I knocked at the bathroom door, thinking that she’d been in there too long. There was no bolt on this door. She was squatting in the water, crying and bleeding into the bath.
“Tori, you have to come out, let me get you dry.”
“N…n…no! I… There are things stuck in me!” she cried.
I scrubbed a hand across my face. Shit, shit, shit. “Then I’ll get them out,” I told her.
There followed one of the most harrowing episodes of my life. Tori, on her back on the bathroom floor, my jacket raising her lower back and beautiful behind in the air, legs spread as if for a cervical smear, while I employed tweezers, water, a magnet and my fingers until we were sure there was nothing left inside her that could harm her.
Then I stripped myself and put her under the shower, washed her hair and scrubbed her until she was clean, until both of us were wrinkled like prunes and the water was going cold and there could be no further reasons not to come out.
“I’ve ruined your jacket,” she said quietly as I towelled her dry.
“Doesn’t matter.”
“It matters to me!”
I stopped what I was doing. “Then you can buy me a new one.”
She nodded vigorously. “Yes, yes, I will.”
“OK.” I went back to drying her.
Her mother was just coming down the loft steps when we came out of the bathroom. Bed linen lay in a heap at the foot of the stairs and the light was out above.
“I’ve remade your bed, love. If you need to come back, you know we’ll be here.”
She hugged her mother tightly and managed not to cry.
“Thanks, Mum, I will,
I promise. How… How’s Dad taking this?”
“You know your father. He’ll get over it. It’ll take a while, but he will. Don’t fret about it.”
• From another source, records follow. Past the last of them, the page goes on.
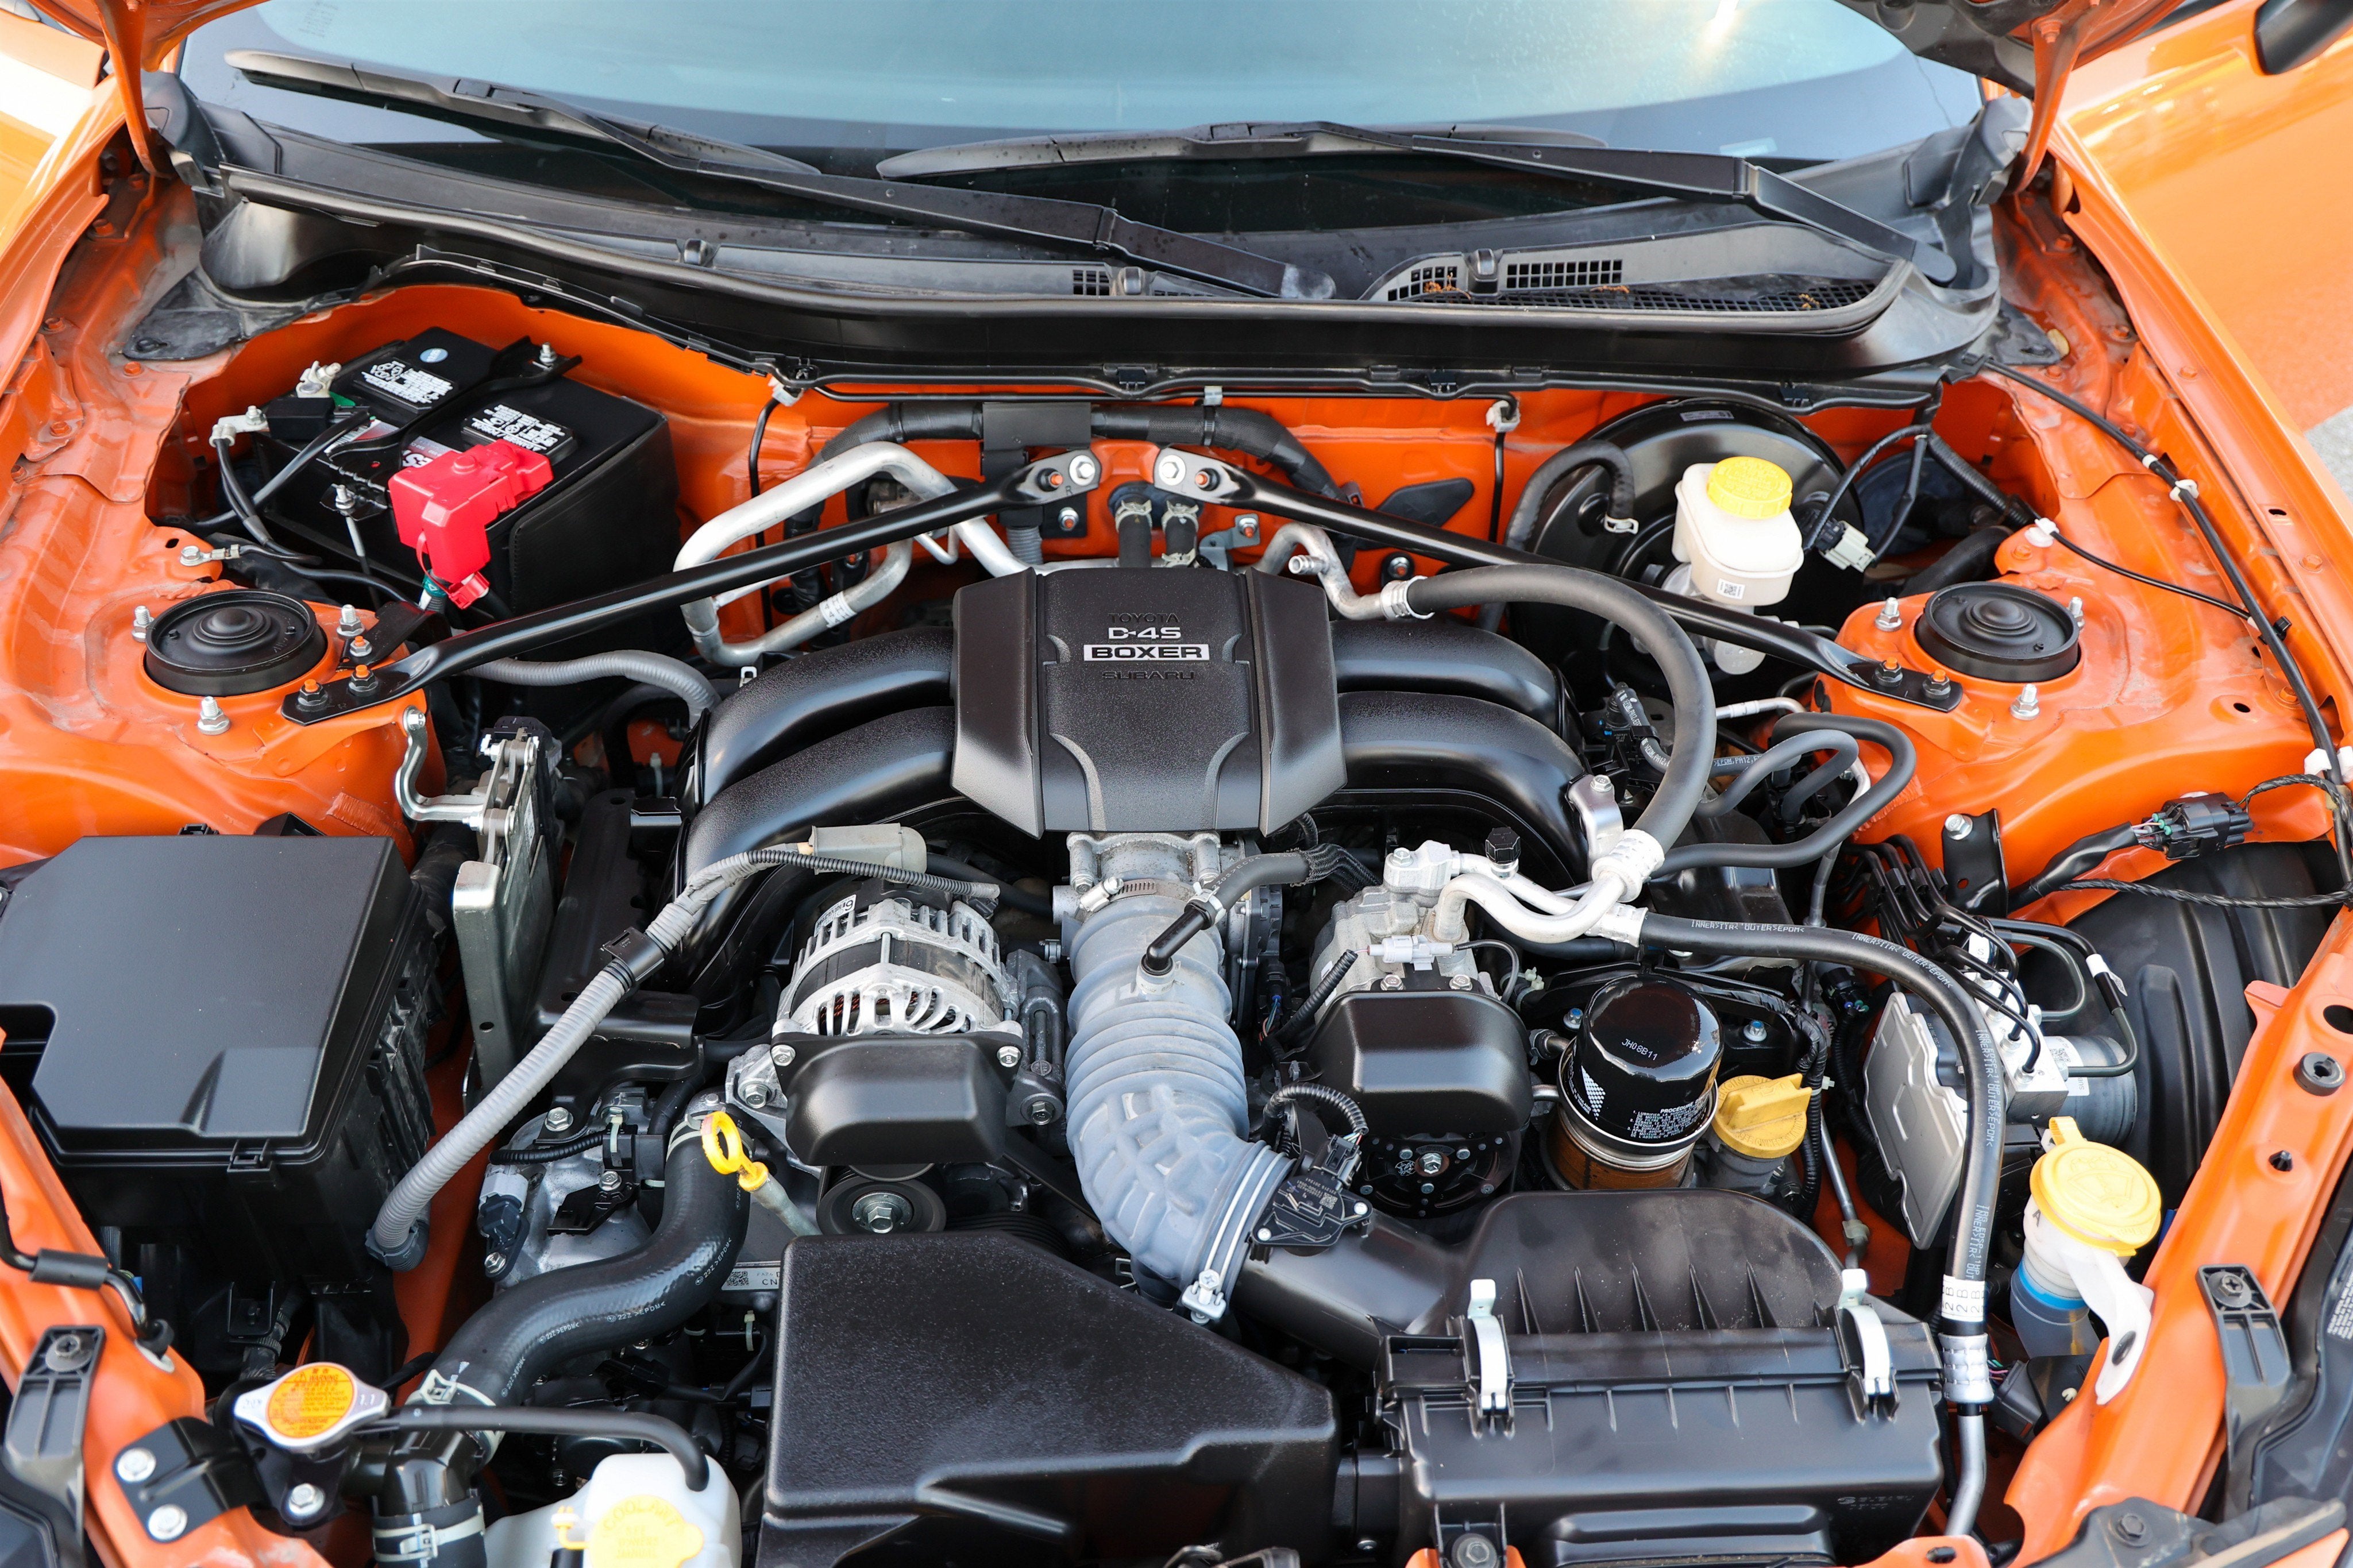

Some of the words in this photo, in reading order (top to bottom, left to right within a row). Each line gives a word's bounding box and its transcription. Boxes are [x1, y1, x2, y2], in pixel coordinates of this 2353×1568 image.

[1108, 613, 1180, 623] TOYOTA
[1108, 627, 1182, 639] D-4S
[1091, 647, 1202, 658] BOXER
[1102, 671, 1194, 680] SUBARU
[1622, 1038, 1658, 1061] JH08B11
Then she saw my gun. Her eyes opened wide. “You really are a bodyguard.”
“I feel like a pretty useless excuse for one today.”
She gripped my hand. “You couldn’t have known. None of us could. You hear about this sort of thing on the news, but it doesn’t come home that it’s real until it happens to you. Won’t the person you’re guarding be wondering where you are?”
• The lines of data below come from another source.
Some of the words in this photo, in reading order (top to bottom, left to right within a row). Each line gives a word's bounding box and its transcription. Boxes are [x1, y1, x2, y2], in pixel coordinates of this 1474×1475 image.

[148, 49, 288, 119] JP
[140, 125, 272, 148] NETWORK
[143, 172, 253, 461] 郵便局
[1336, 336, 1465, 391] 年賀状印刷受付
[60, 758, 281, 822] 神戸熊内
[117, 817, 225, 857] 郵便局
“I was on call. He didn’t call.” Of course it was that moment that the bloody pager went off. I didn’t even look at the number. I quite deliberately plucked it off my belt, turned it off and dropped it into a pocket of the ruined jacket. Tori’s mother’s hand gripped mine even tighter.
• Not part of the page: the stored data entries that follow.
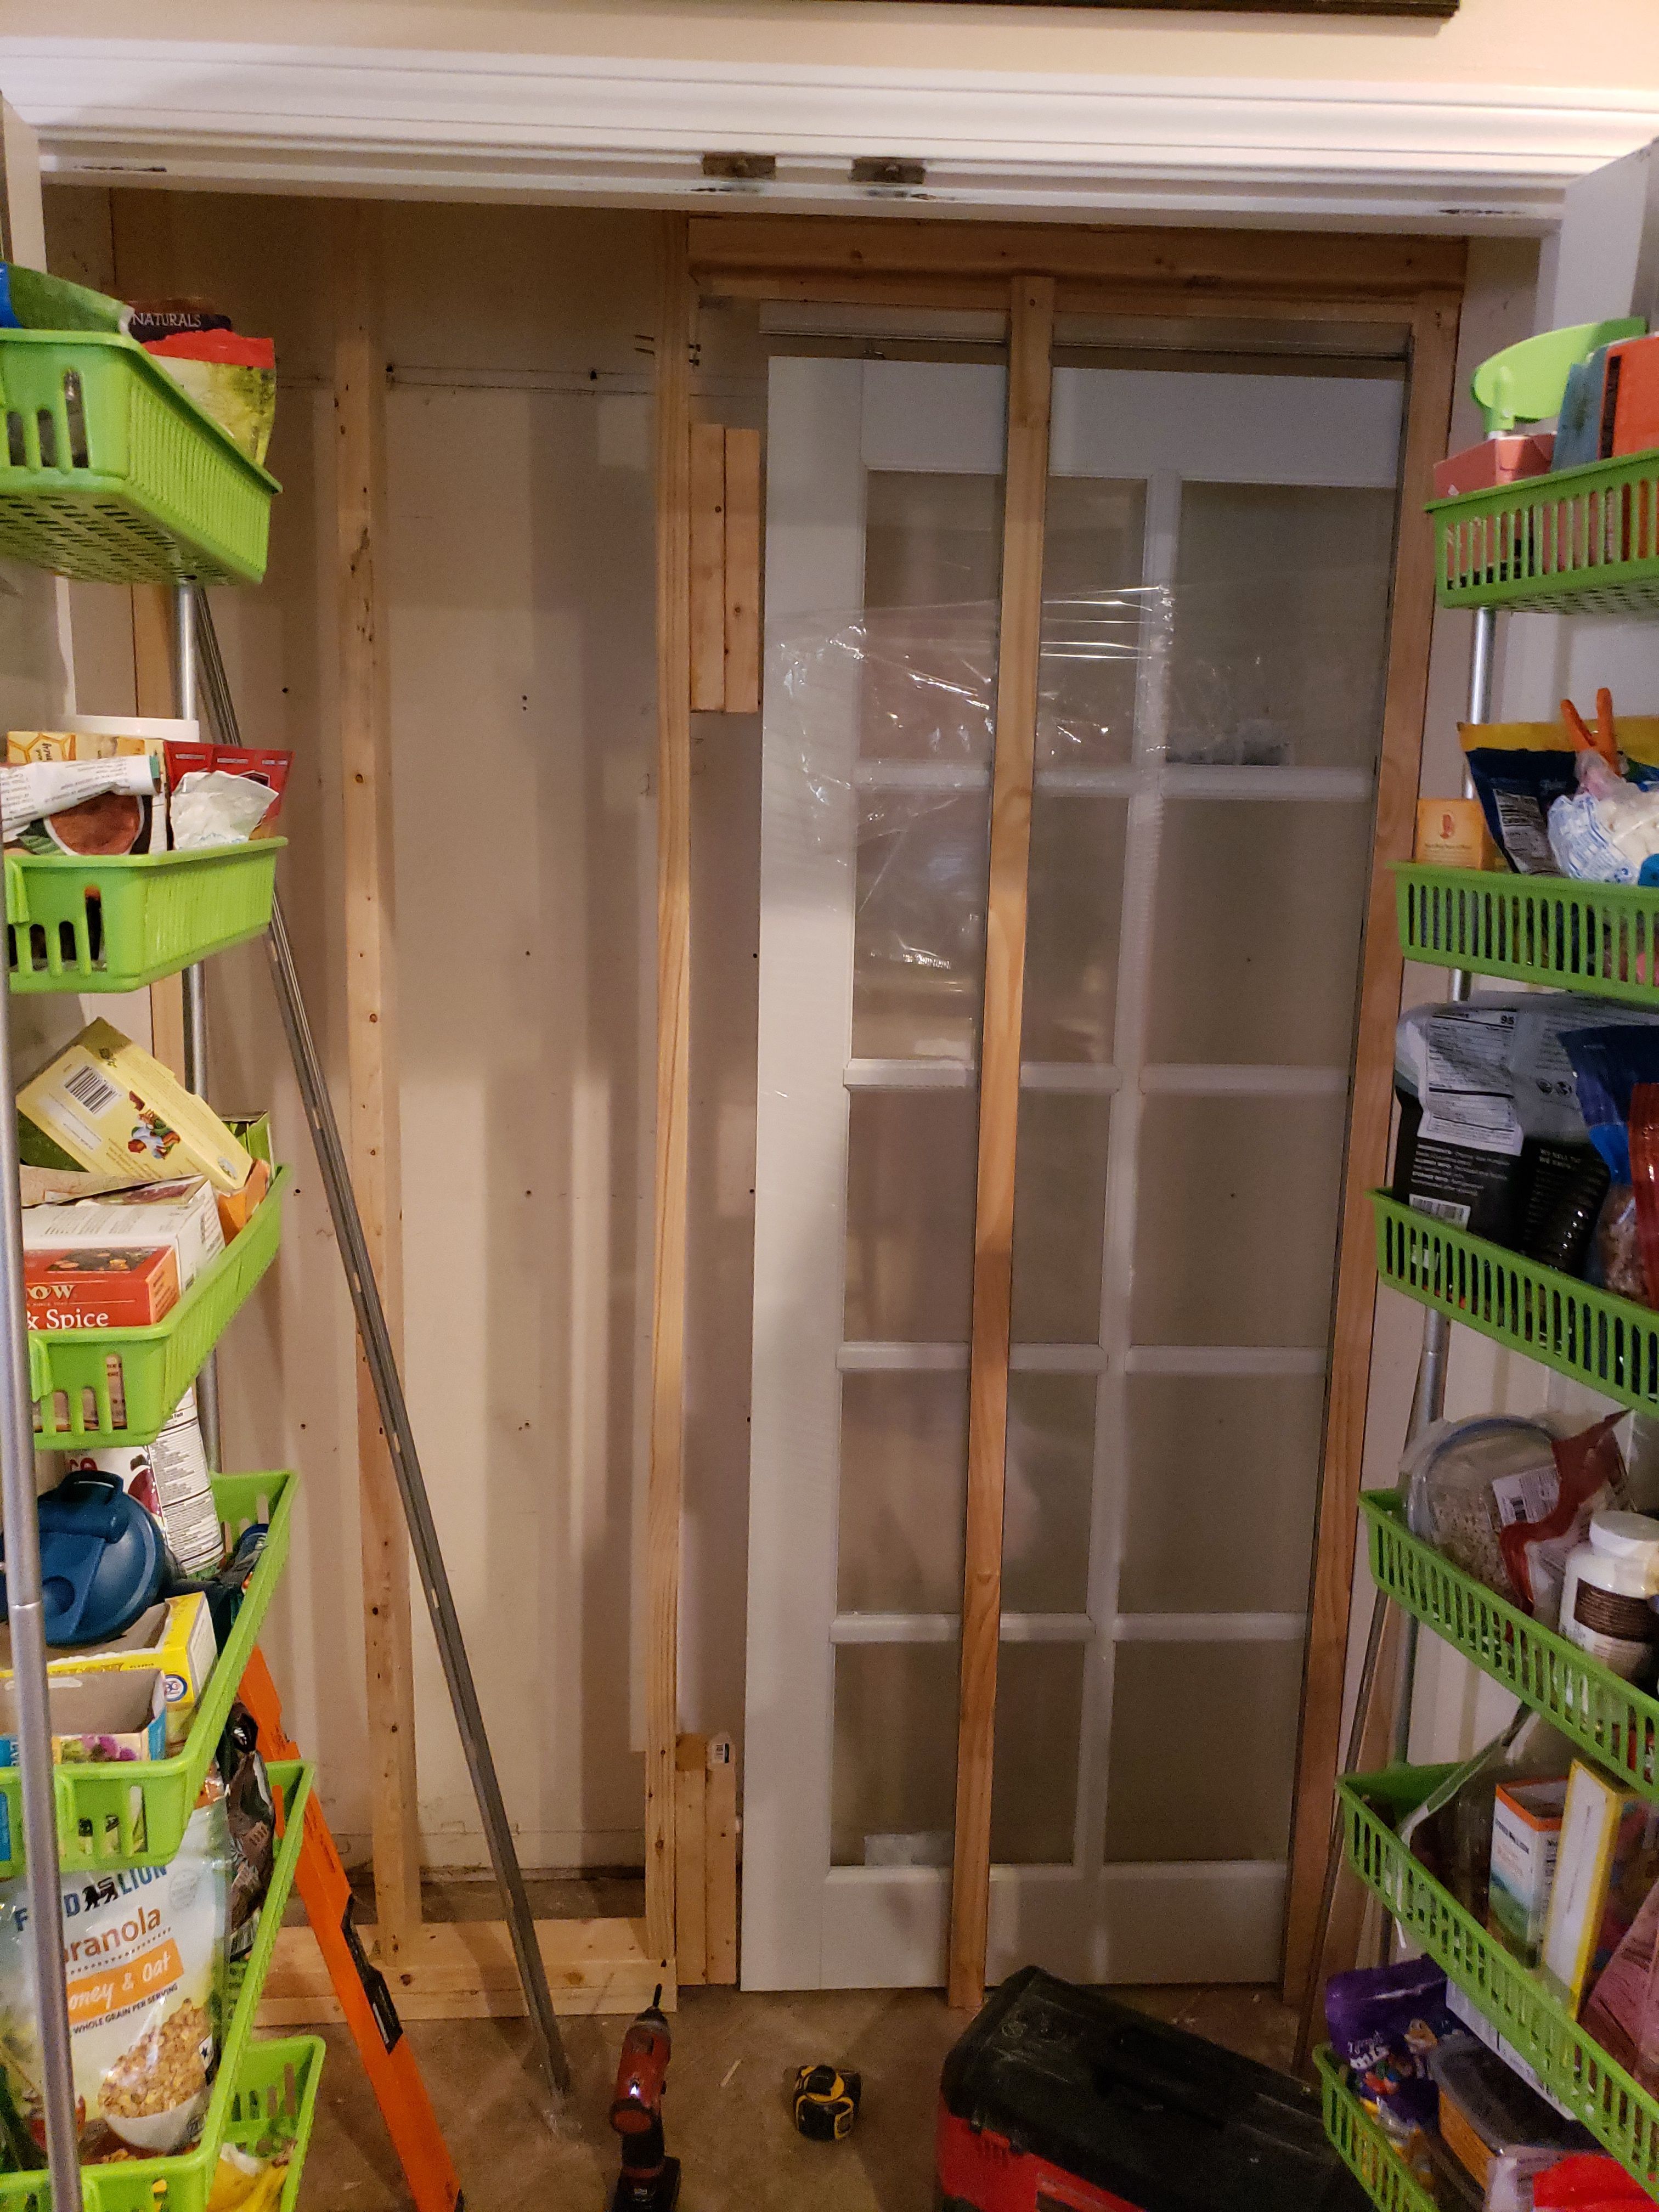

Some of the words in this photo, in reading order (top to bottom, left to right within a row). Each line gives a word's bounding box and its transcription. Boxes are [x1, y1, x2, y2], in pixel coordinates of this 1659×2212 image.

[132, 313, 201, 328] NATURALS
[27, 1284, 76, 1300] OW
[46, 1308, 109, 1329] Spice
[14, 1893, 81, 1932] FD
[64, 1906, 161, 1963] ranola
[69, 1983, 115, 2010] oney
[73, 2017, 104, 2034] WHOLE
[105, 2006, 131, 2023] GRAIN
[132, 2000, 146, 2012] PER
[147, 1982, 178, 2005] SERVING
“Go and say goodbye to your father. Let him see that you’re all right.”
Tori swallowed hard, then, steeling herself, walked into the living room and closed the door behind her.
“Thank you for coming. For telling us everything.” I nodded. I couldn’t exactly say it had been a pleasure.
“You’ll take good care of her, won’t you?”
“Count on it. I only have one job right now, that’s protecting Tori.”
Now it was her turn to nod. She looked at a scuffed bit of wallpaper and smoothed it back against the wall. “You’re going to get them for her, aren’t you?”
“If I can.”
“Does she know who it was?”
“She’s still in shock. She might remember more later. It’s too early to say.”
“Will you come and tell me when it’s done?”
I nodded. Tori came out. She had been crying again, as had her father. I hadn’t expected anything else. I didn’t expect him to take my hand, though.
“You take care of my little girl.”
I realised I was being given the sacred trust. Father to son-in-law, acceptance, the passing on of responsibility. Tori heard it in his voice and caught her breath. I returned the pressure on his hand with a little more than my accustomed force, showing him my strength, my worthiness of the faith he was placing in me.